Debate do Programa do XVII Governo Constitucional (pedido de esclarecimentos ao Primeiro-Ministro)
Intervenção de Bernardino Soares
21 de Março de 2005
Sr. Presidente,
Sr. Primeiro-Ministro,
V. Ex.ª iniciou este debate congratulando-se com o facto de os membros do Governo terem estado em silêncio até ao momento da sua investidura parlamentar. Mas o problema que agora se coloca é o de que este silêncio continua, em muitas matérias.
Não vou fazer ao Sr. Primeiro-Ministro a maldade de lhe perguntar se a comparação que alguns analistas têm feito entre o seu estilo e o de Cavaco Silva, no que respeita à gestão do silêncio, lhe agradou secretamente. Não vou fazer a maldade de lhe perguntar isso! Mas o que lhe digo é que agora são precisos dados mais concretos do que os que apresentou! É que há matérias decisivas da nossa vida e do nosso país que precisam de ter respostas claras, e que precisam de respostas que não encontramos no Programa do Governo!
Sr. Primeiro-Ministro, nem no seu discurso, nem na resposta que há pouco deu ao Secretário-Geral do meu partido, disse o que entendia sobre a questão da revalorização dos salários. No Programa, a única referência que existe, em concreto, ao salário mínimo é a de que «Para o Governo, é indispensável que o salário mínimo nacional cumpra a função que lhe cabe como factor de imunidade à pobreza.» Eu não podia estar mais de acordo! Mas isso faz-se valorizando o salário mínimo!
O que gostaria de saber, em primeiro lugar, é se o Sr. Primeiro-Ministro e o Governo estão disponíveis para aumentar de forma digna e justa o salário mínimo nacional, como o Partido Comunista Português já propôs nesta Assembleia. É que não há contradição entre a valorização dos salários e o aumento do investimento! Isso também ajuda a economia e ajuda, sobretudo, a uma melhor distribuição da riqueza produzida no nosso país.
O Sr. Primeiro-Ministro e o Programa do Governo também não nos dão respostas precisas em relação à questão do Código do Trabalho e, em concreto, da contratação colectiva. O Sr. Primeiro-Ministro sabe que, com este Código do Trabalho em vigor, o tempo está a contar para a caducidade de muitos contratos colectivos de trabalho e que é preciso intervir já nessa matéria, independentemente de ser preciso alterar outras!

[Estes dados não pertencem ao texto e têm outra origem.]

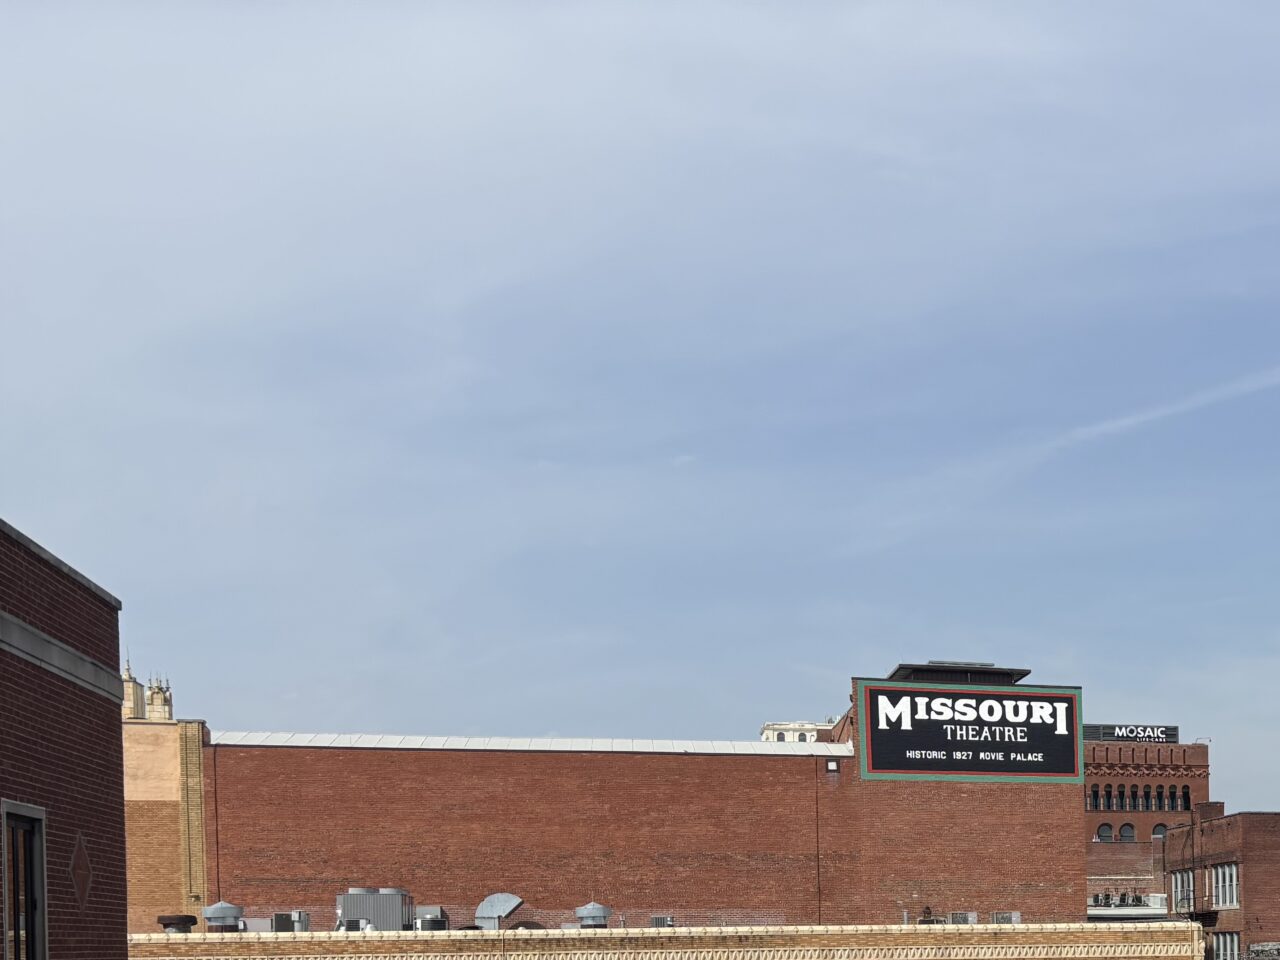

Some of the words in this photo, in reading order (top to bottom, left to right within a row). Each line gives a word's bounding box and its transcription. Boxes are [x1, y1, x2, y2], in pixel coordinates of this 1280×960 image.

[877, 695, 1069, 735] MISSOURI
[943, 725, 1028, 742] THEATRE
[1114, 725, 1166, 738] MOSAIC
[906, 750, 947, 760] HISTORIC
[952, 751, 973, 760] 1927
[979, 752, 1005, 761] MOVIE
[1010, 752, 1044, 762] PALACE
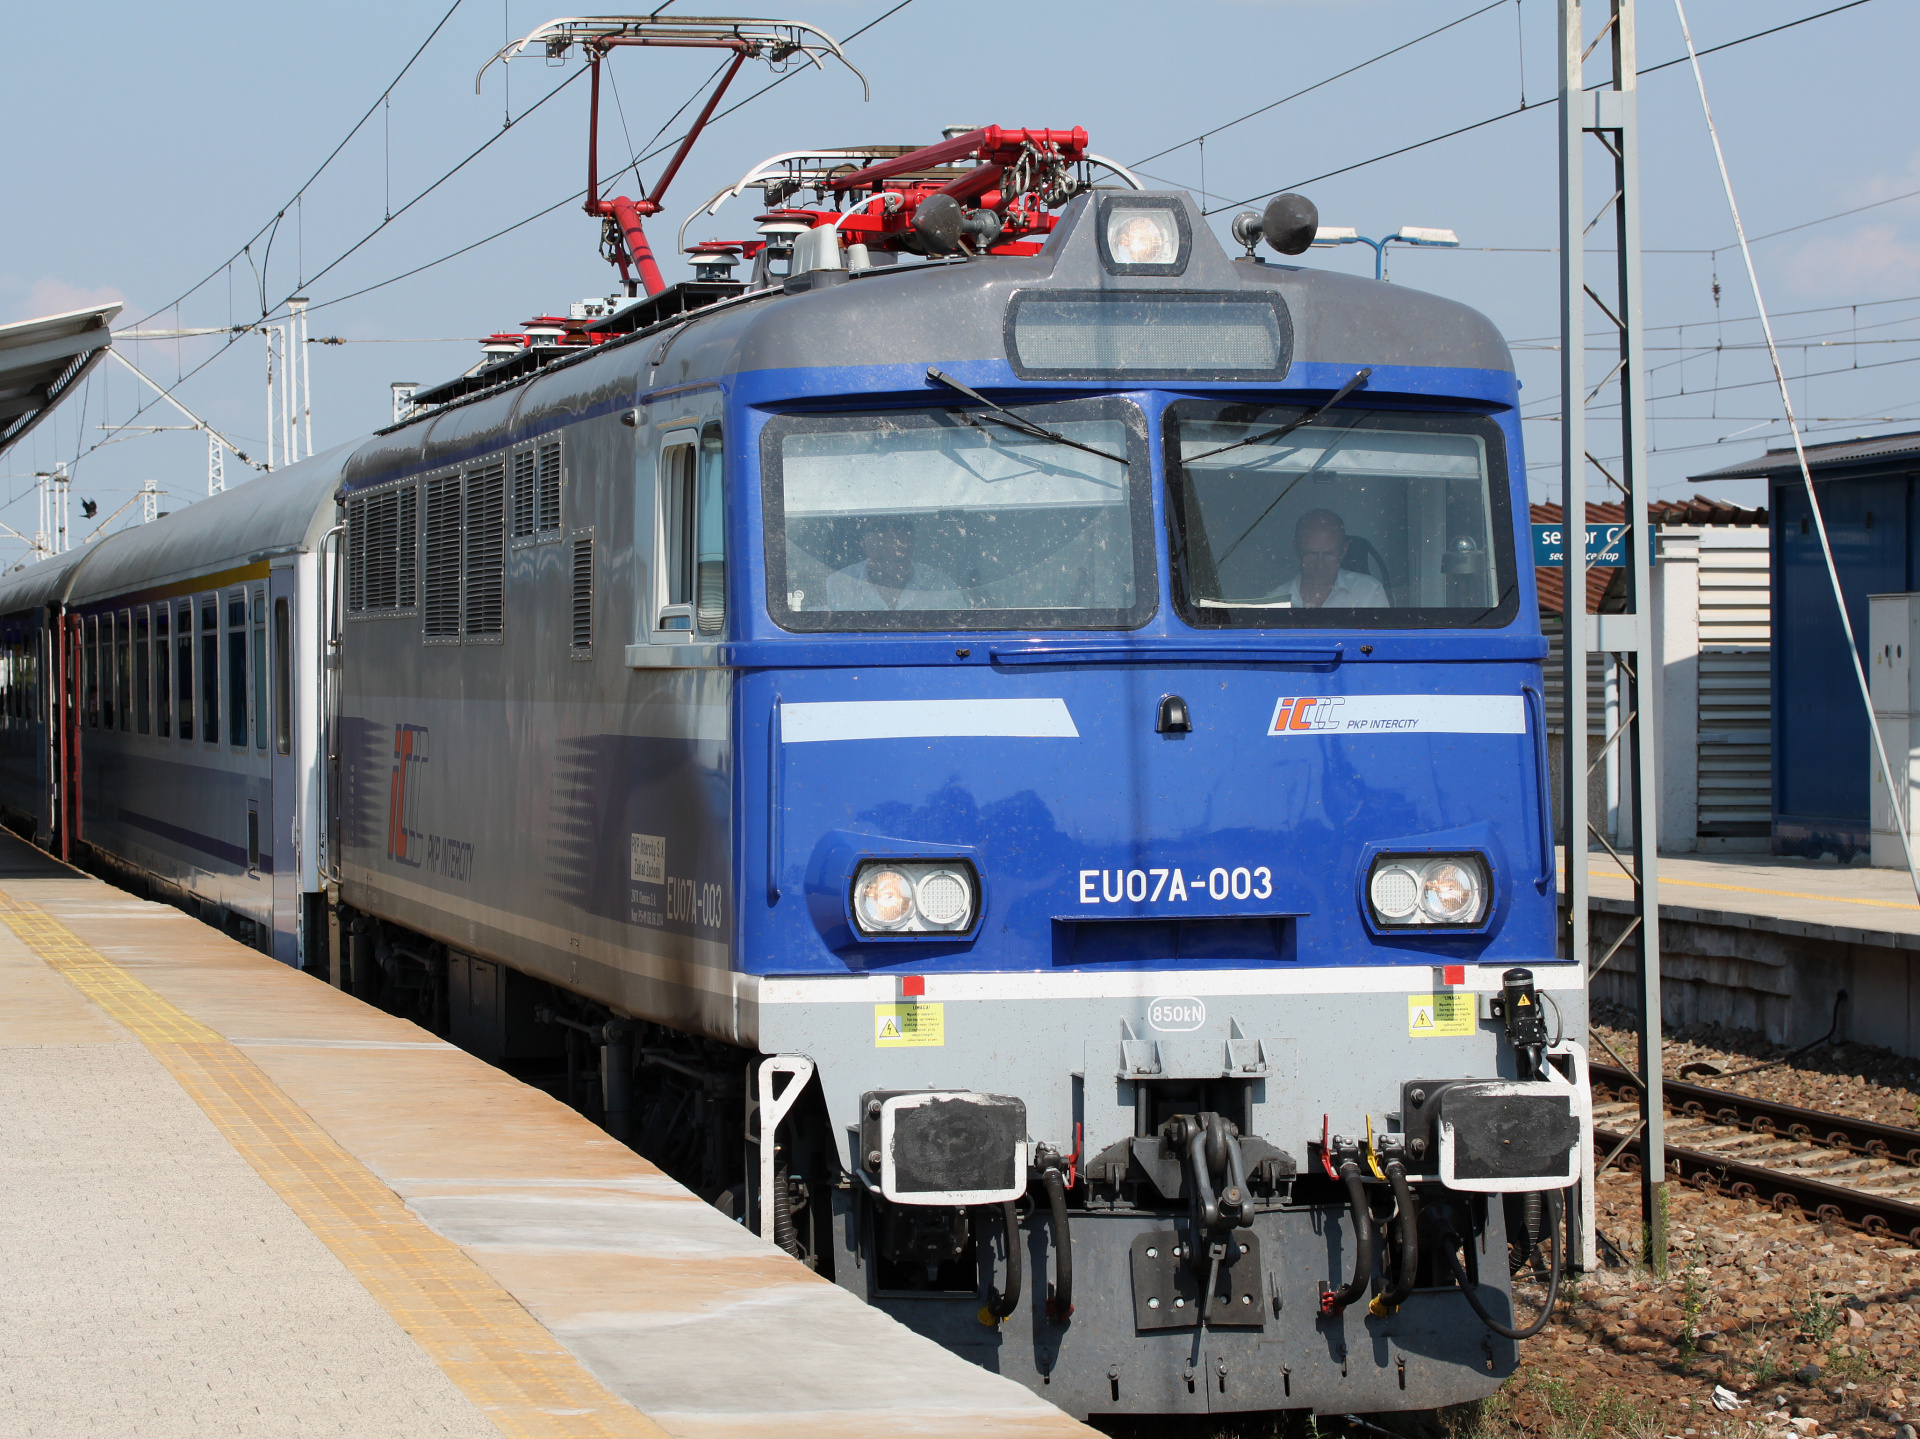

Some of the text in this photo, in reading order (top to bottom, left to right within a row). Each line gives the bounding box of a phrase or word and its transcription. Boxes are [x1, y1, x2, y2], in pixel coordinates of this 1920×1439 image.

[1346, 718, 1420, 730] PKP INTERCITY
[426, 834, 475, 884] PKP INTERCITY
[666, 876, 722, 929] EU07A-003
[1079, 866, 1273, 904] EU07A-003
[1152, 1005, 1203, 1022] 850kN

Por isso, o desafio que lhe fazemos é o de que o Governo proponha uma alternativa em relação à contratação colectiva e que junte a sua proposta àquelas que já foram apresentadas na Assembleia da República para podermos rapidamente alterar essa grave legislação em matéria de contratação colectiva, e outras, e impedir a caducidade dos contratos colectivos de trabalho!
O Sr. Primeiro-Ministro também nada nos disse sobre o sector têxtil, sector no qual estão directamente implicados 200 000 postos de trabalho, que é responsável por uma boa parte das nossas exportações e que está seriamente ameaçado, neste momento. Não nos disse — mas devia dizer-nos — se o Governo está disponível para defender o accionamento da cláusula de salvaguarda, de modo a permitir uma maior folga para a recuperação e modernização das nossas indústrias têxteis!
Também nada nos disse sobre o caso da Bombardier/Sorefame, que é um exemplo paradigmático de como um país deve defender a sua produção nacional numa área de ponta e de que necessita para a produção de infra-estruturas para o seu próprio país! As infra-estruturas de que o Sr. Primeiro-Ministro falou, no que respeita à ferrovia, podem…
Como dizia, as infra-estruturas respeitantes à ferrovia podem ser construídas em Portugal, se o Governo assegurar que aquela empresa continua a funcionar!
Este é, pois, o momento da concretização e não só da enunciação, para que os portugueses saibam se à mudança de Governo vai ou não corresponder, nestas importantes matérias, uma verdadeira mudança de política.